Proof of $\text{Dom}(R^{-1}) = \text{Ran}(R)$ where $R$ is a relation from $A$ to $B$
This exercise is taken from Velleman's "How to Prove It". Velleman starts his proof off by noting that $\text{Dom}(R^{-1})$ and $\text{ Ran}(R)$ are both subsets of $B$ and thus lets $b$ be an arbitrary element of $B$. The proof is then begun with assuming $b \in \text{Dom}(R^{-1})$.
My question: Why must we note that either side is a subset of $B$? Would it not be sufficient to introduce an arbitrary variable $x$ such that $x \in \text{Dom}(R^{-1})$ and show it to be an element of $\text{Ran}(R)$? It seems superfluous to say the variable is an arbitrary element of $B$ as stating it is an element of either side of the identity implies that it is.

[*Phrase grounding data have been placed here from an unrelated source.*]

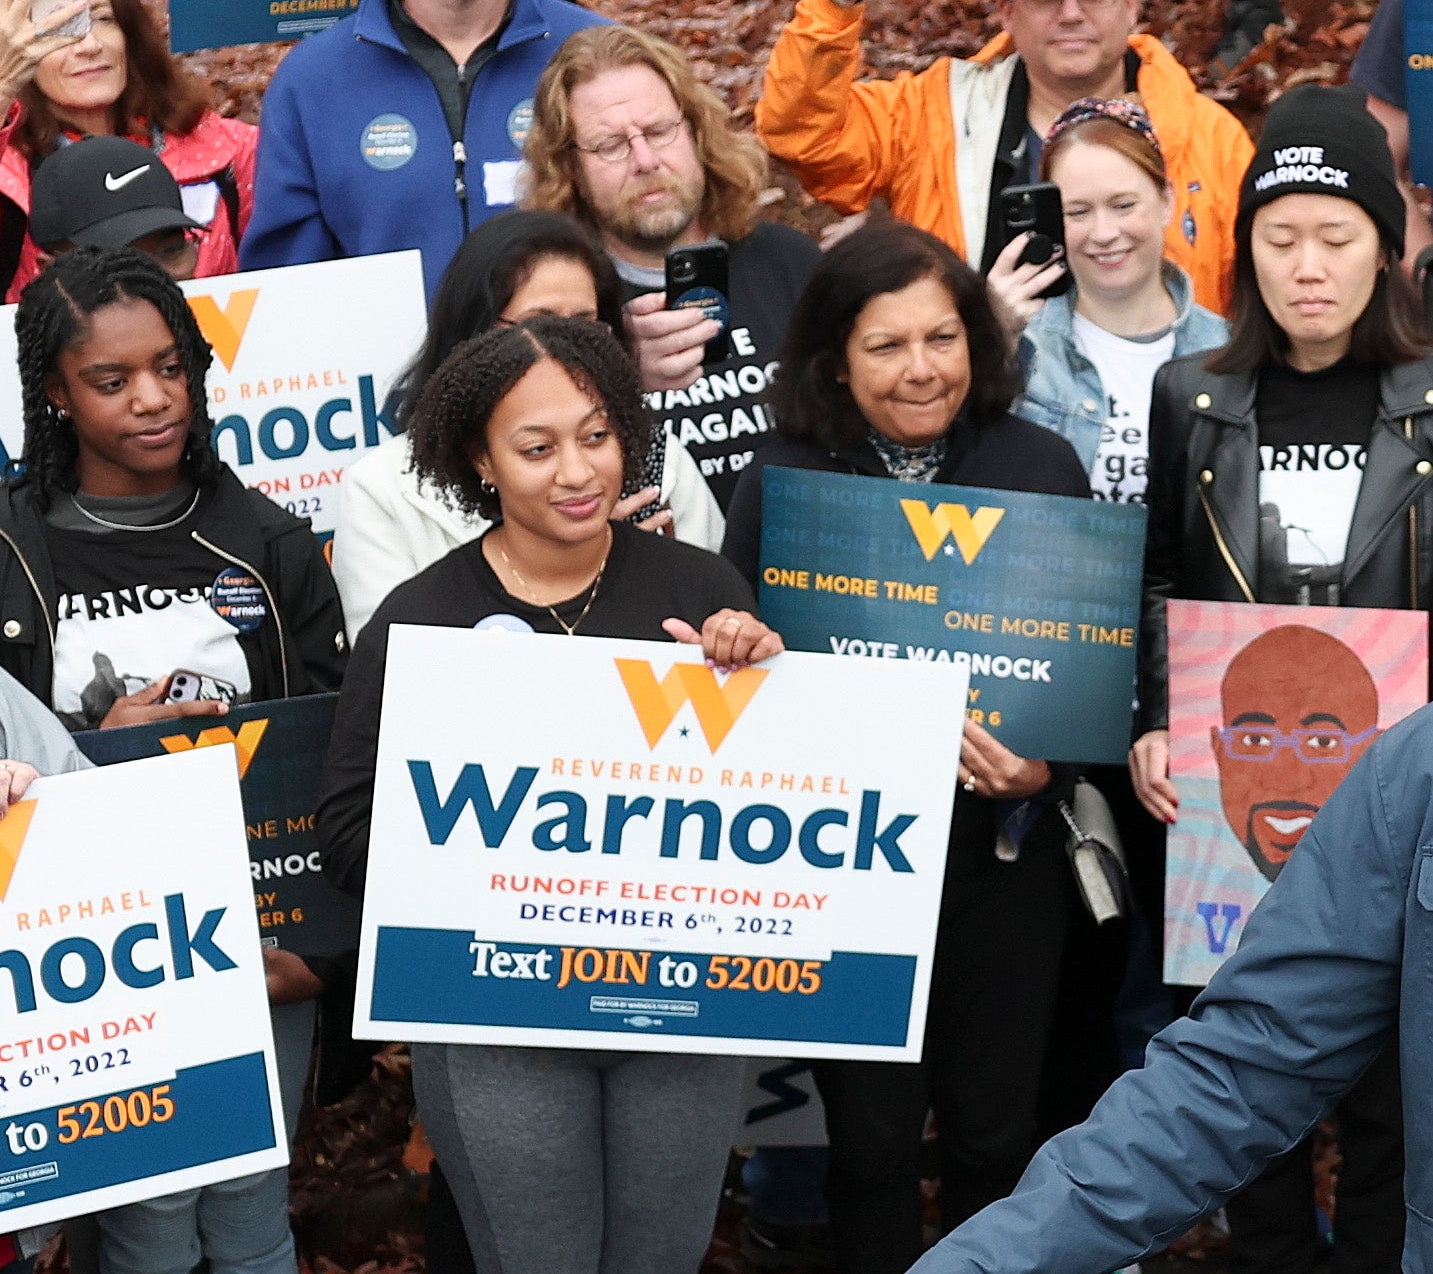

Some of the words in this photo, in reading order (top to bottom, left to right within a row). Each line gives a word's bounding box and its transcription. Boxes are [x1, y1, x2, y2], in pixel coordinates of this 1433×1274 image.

[1274, 146, 1324, 166] VOTE
[1254, 165, 1350, 191] WARNOCK
[240, 368, 348, 401] RAPHAEL
[300, 469, 344, 491] DAY
[763, 568, 809, 589] ONE
[815, 573, 879, 599] MORE
[884, 581, 939, 604] TIME
[944, 611, 996, 635] ONE
[1001, 618, 1071, 641] MORE
[1077, 624, 1134, 646] TIME
[552, 757, 705, 784] REVEREND
[721, 769, 851, 795] RAPHAEL
[407, 760, 920, 874] Warnock
[490, 873, 609, 898] RUNOFF
[620, 882, 762, 908] ELECTION
[773, 890, 829, 911] DAY
[16, 889, 151, 931] RAPHAEL
[520, 903, 673, 929] DECEMBER
[735, 916, 794, 936] 2022
[469, 942, 553, 982] Text
[559, 947, 652, 988] JOIN
[658, 954, 697, 988] to
[705, 958, 821, 994] 52005
[101, 1012, 159, 1041] DAY
[71, 1048, 132, 1078] 2022
[6, 1121, 48, 1157] to
[56, 1084, 176, 1144] 52005
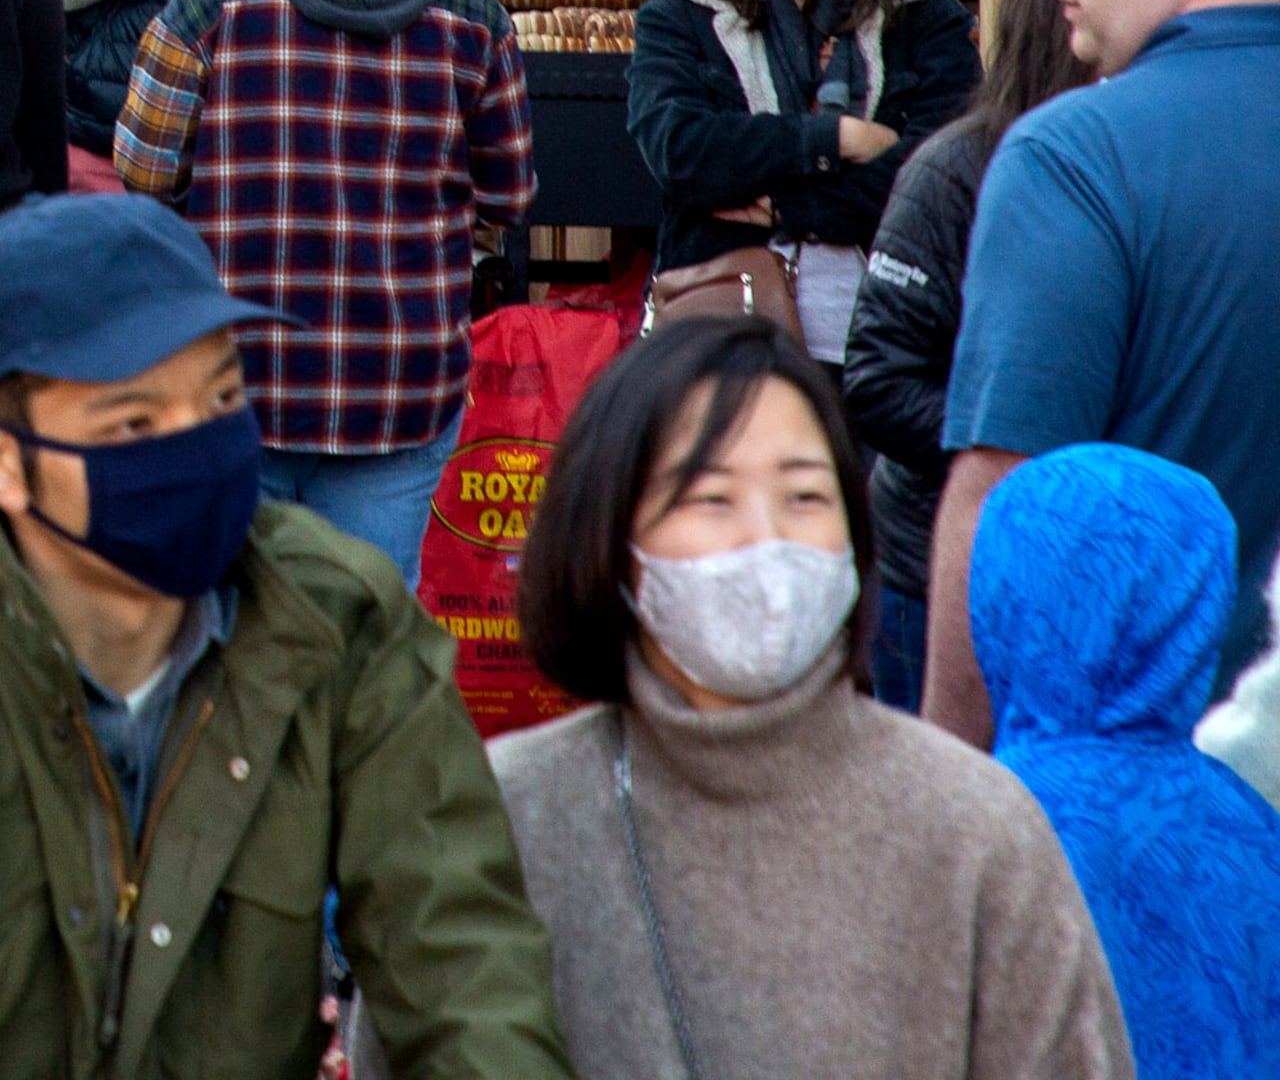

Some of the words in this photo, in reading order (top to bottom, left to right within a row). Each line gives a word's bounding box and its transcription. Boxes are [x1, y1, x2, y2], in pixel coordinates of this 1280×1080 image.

[460, 471, 547, 503] ROYA
[479, 508, 534, 538] OA
[439, 594, 482, 612] 100%

The proof most likely has two parts: (i) show that $\text{Dom}(R^{-1})\subseteq \text{Ran}(R)$, and (ii) show that $\text{Ran}(R)\subseteq \text {Dom}(R^{-1})$. At the beginning the author then makes some definitions which hold for both parts. When he then says "assume $b\in \text{Dom}(R^{-1})$, this most likely also means "begin of part (i)", while the statement $b\in B$ probably means "this holds for both parts, so I additionally state it before the first part where I list everything which holds for either part".